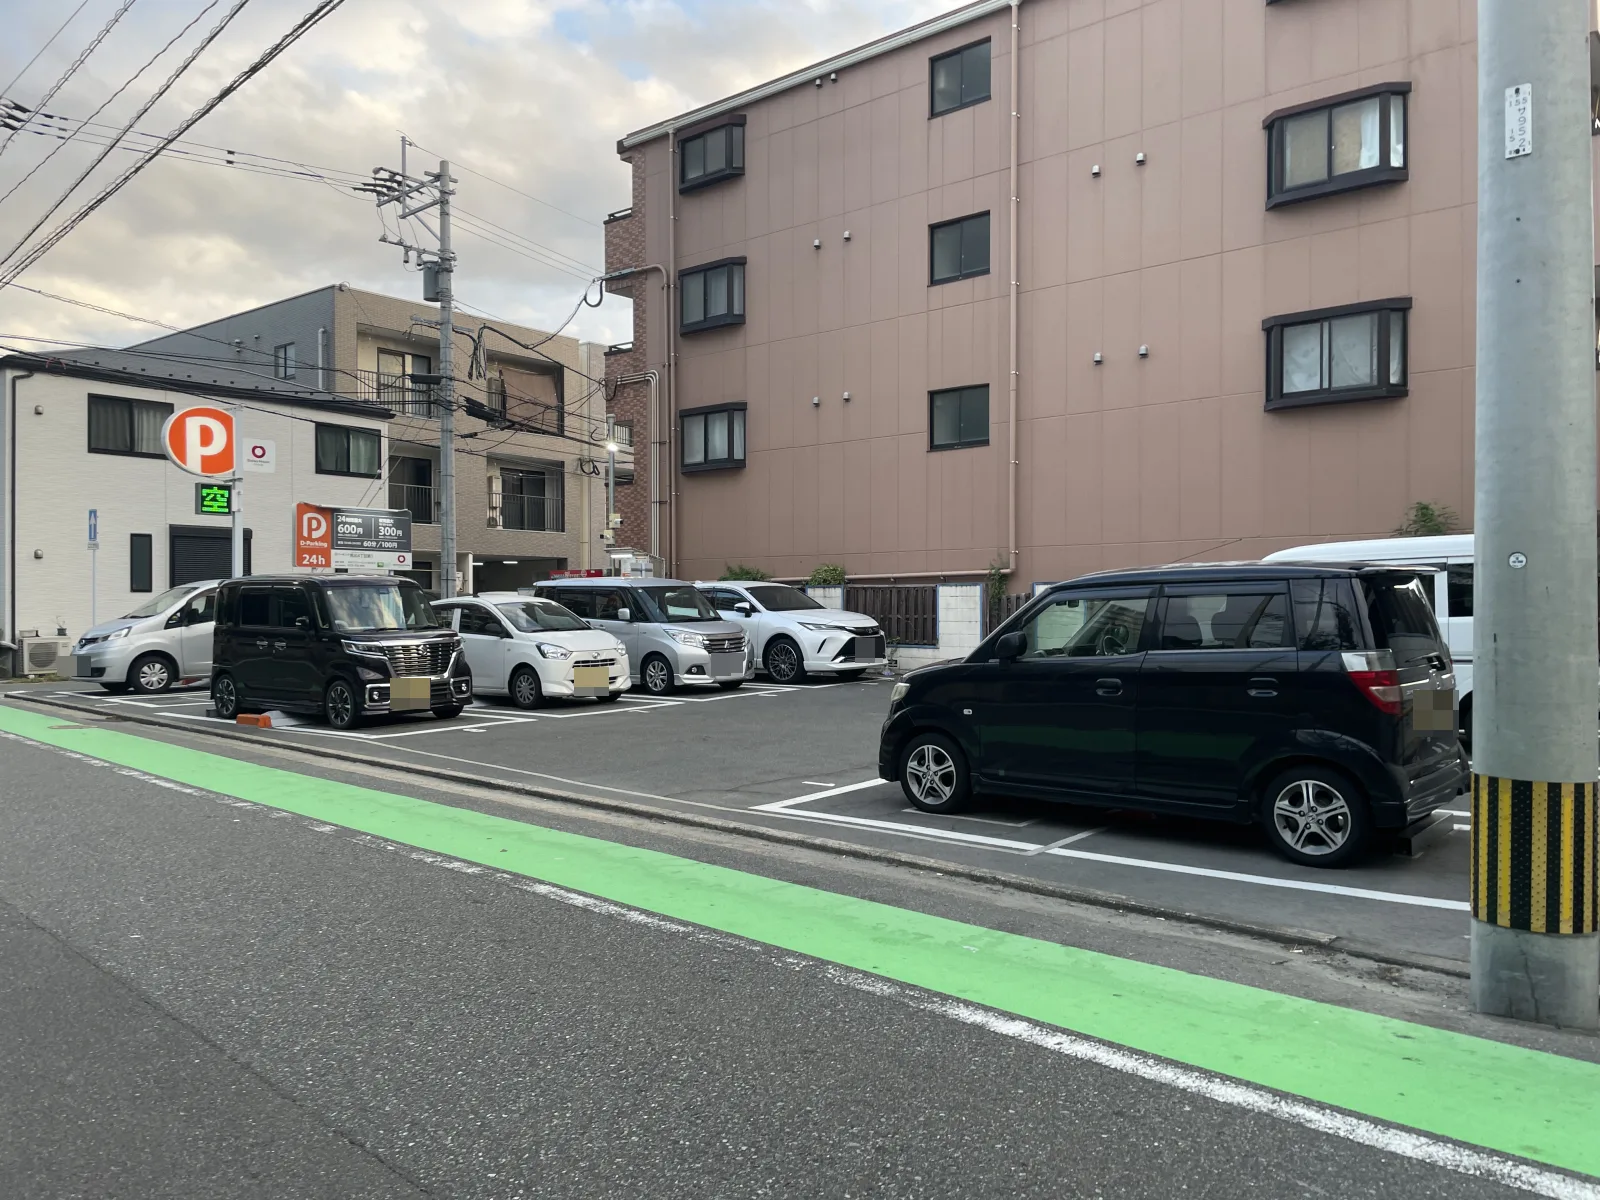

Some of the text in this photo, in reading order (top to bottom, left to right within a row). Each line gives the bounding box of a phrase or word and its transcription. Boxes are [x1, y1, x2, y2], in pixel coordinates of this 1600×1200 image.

[185, 416, 227, 473] P
[202, 487, 229, 512] 空
[337, 524, 363, 534] 600円
[378, 526, 403, 536] 300円
[302, 554, 325, 564] 24h
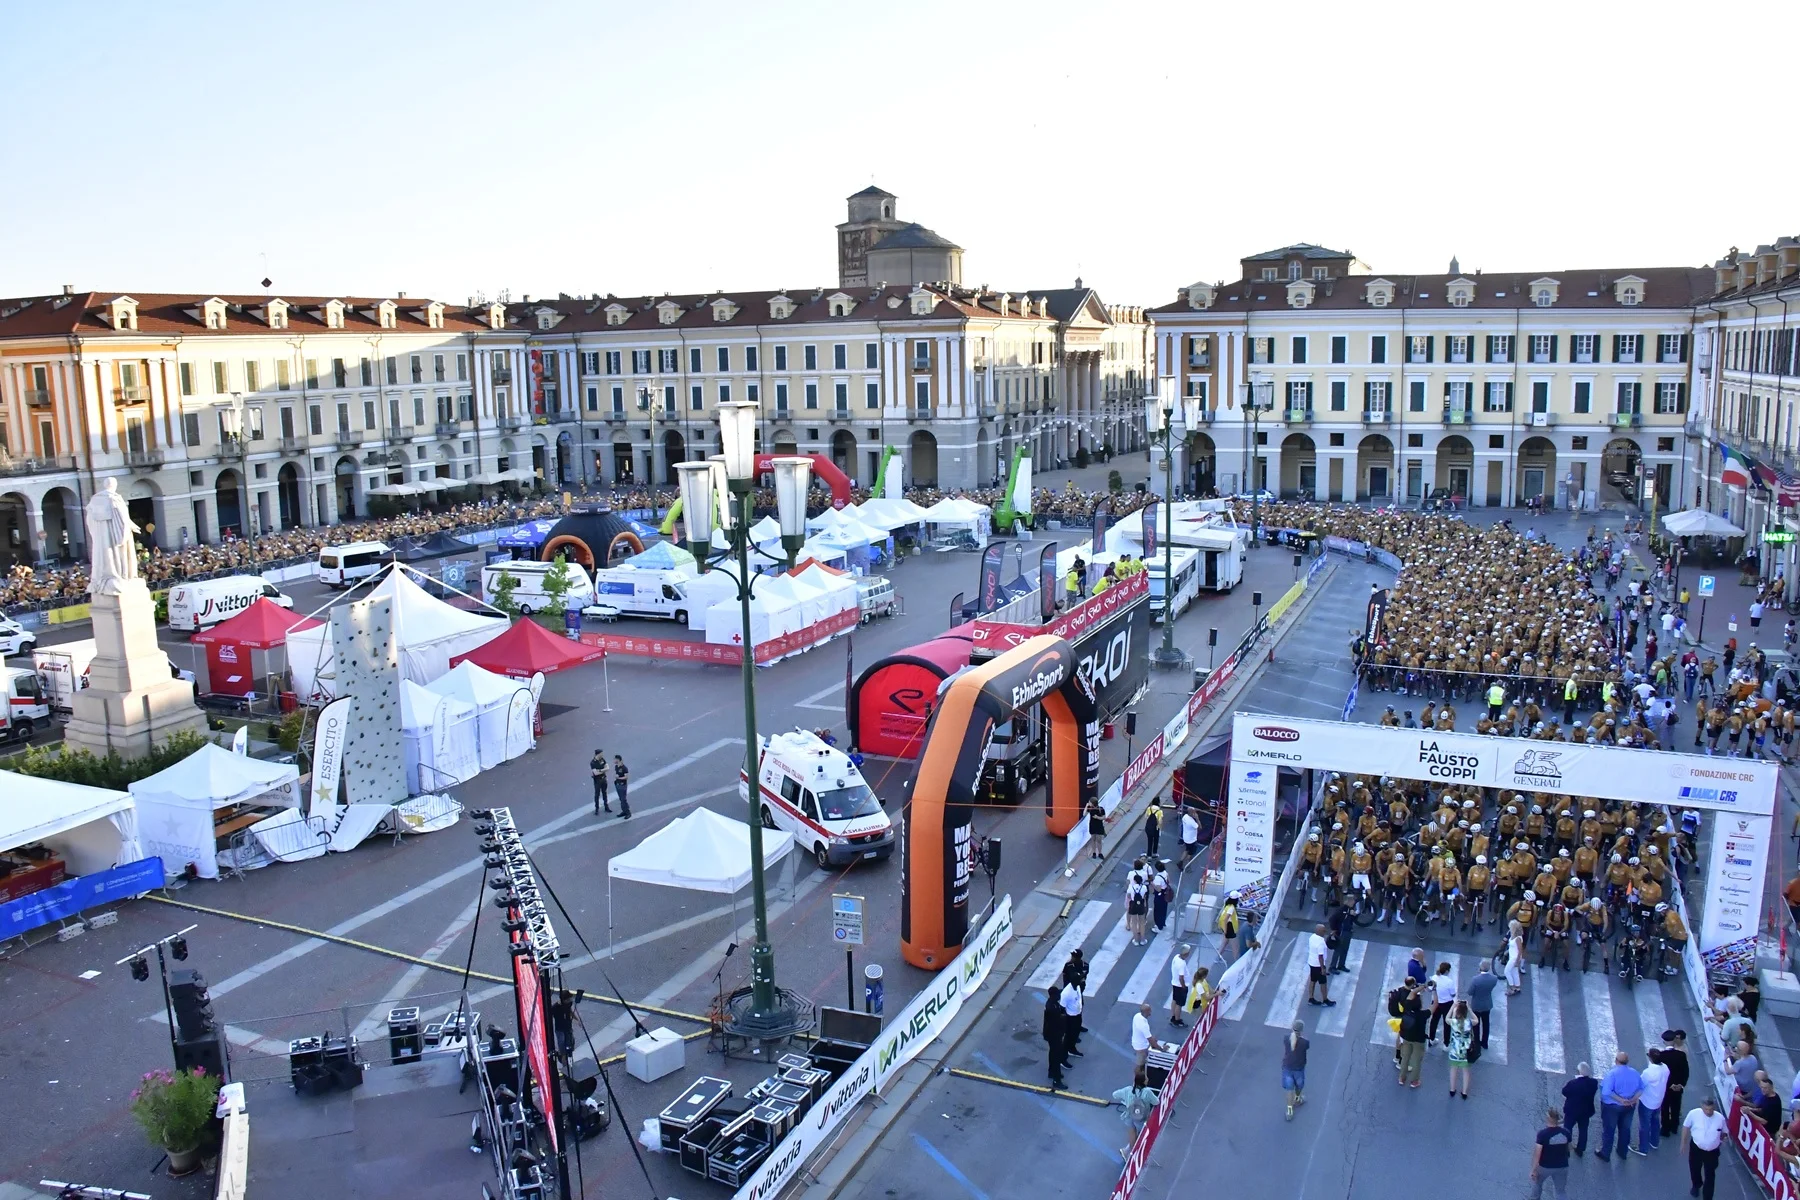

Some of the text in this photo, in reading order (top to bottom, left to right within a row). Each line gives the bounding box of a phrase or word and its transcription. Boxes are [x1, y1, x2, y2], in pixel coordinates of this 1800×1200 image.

[1702, 577, 1713, 589] P
[215, 589, 264, 613] vittori
[1011, 663, 1064, 711] EthicSport
[1254, 728, 1299, 740] BALOCCO
[321, 717, 338, 781] ESERCITO
[1420, 740, 1439, 752] LA
[972, 722, 996, 796] EthicSport
[1260, 751, 1302, 761] MERLO
[1419, 752, 1479, 768] FAUSTO
[1126, 738, 1163, 791] BALOCCO
[1429, 765, 1476, 780] COPPI
[1513, 776, 1561, 789] GENERALI
[1690, 768, 1755, 783] FONDAZIONE CRC
[1690, 787, 1719, 801] BANCA
[1719, 790, 1738, 802] CRS
[900, 975, 958, 1050] MERLO
[830, 1066, 870, 1116] vittoria
[757, 1139, 802, 1198] vittoria
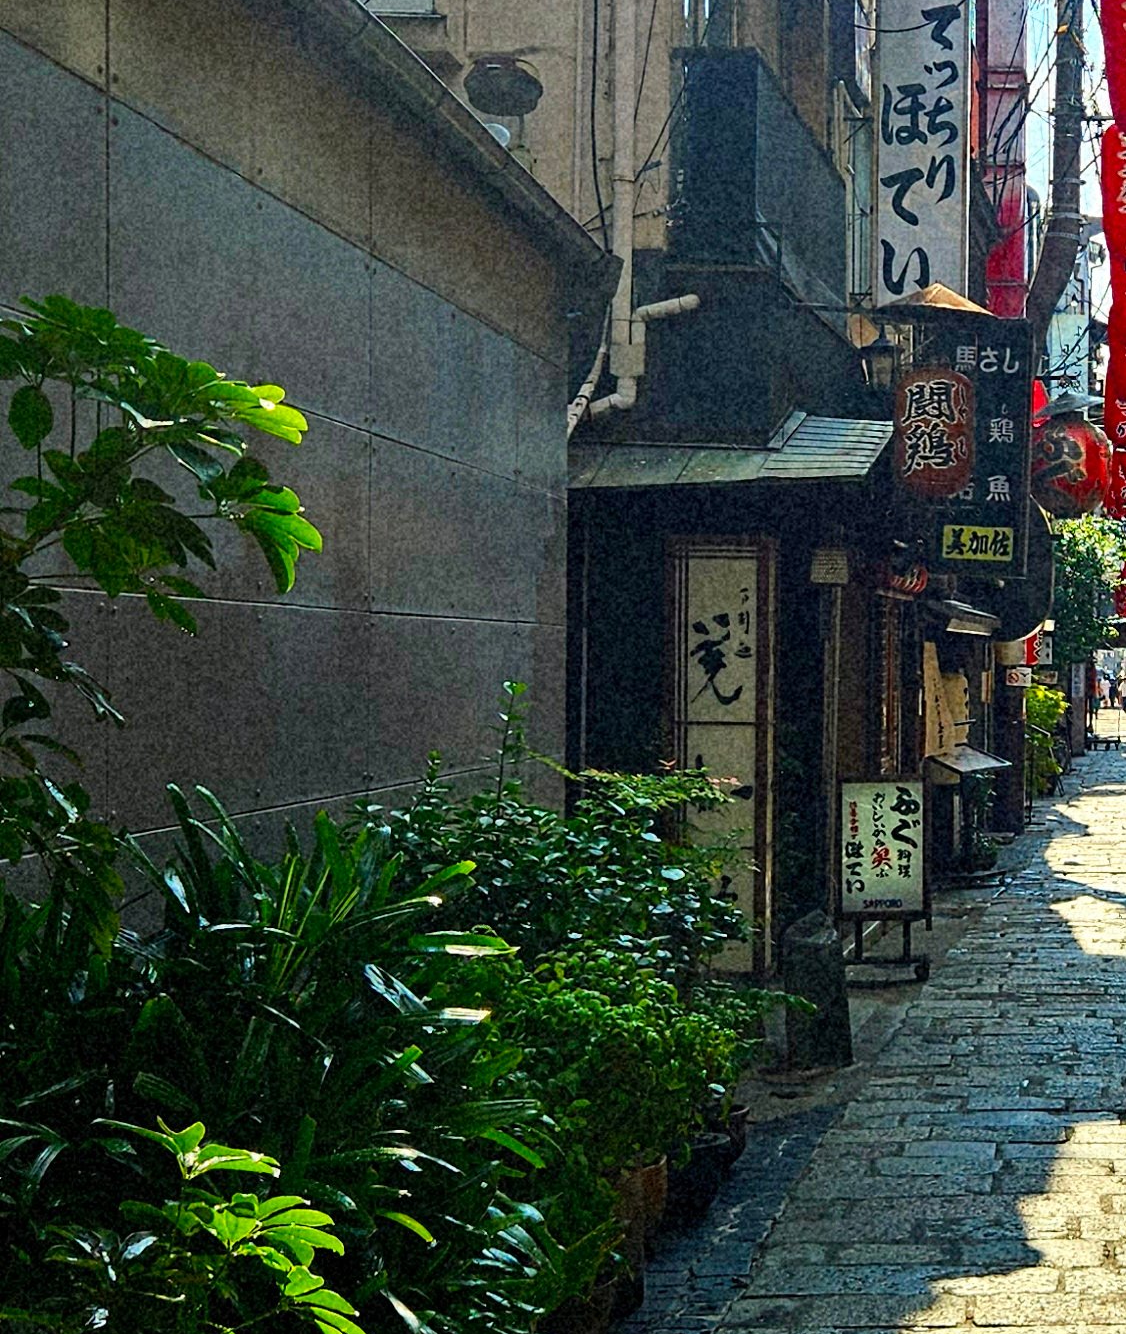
========================================
ABOUT THIS EXERCISE: Leaving out the pictures, repeat all of the entries exactly.

EXPECTED OUTPUT:
Some of the text in this photo, in reading order (top to bottom, left to right within a row). Each line gives the bounding box of a phrase or word and its transcription. Boxes are [x1, y1, x2, y2], in pixel coordinates of this 1600×1200 image.

[185, 416, 227, 473] P
[202, 487, 229, 512] 空
[337, 524, 363, 534] 600円
[378, 526, 403, 536] 300円
[302, 554, 325, 564] 24h

Some of the text in this photo, in reading order (top to bottom, left to right within a row). Each line gives the bounding box of a phrase or word and its transcription. Boxes are [x1, y1, x2, y2], in pixel coordinates of this 1800×1200 image.

[1702, 577, 1713, 589] P
[215, 589, 264, 613] vittori
[1011, 663, 1064, 711] EthicSport
[1254, 728, 1299, 740] BALOCCO
[321, 717, 338, 781] ESERCITO
[1420, 740, 1439, 752] LA
[972, 722, 996, 796] EthicSport
[1260, 751, 1302, 761] MERLO
[1419, 752, 1479, 768] FAUSTO
[1126, 738, 1163, 791] BALOCCO
[1429, 765, 1476, 780] COPPI
[1513, 776, 1561, 789] GENERALI
[1690, 768, 1755, 783] FONDAZIONE CRC
[1690, 787, 1719, 801] BANCA
[1719, 790, 1738, 802] CRS
[900, 975, 958, 1050] MERLO
[830, 1066, 870, 1116] vittoria
[757, 1139, 802, 1198] vittoria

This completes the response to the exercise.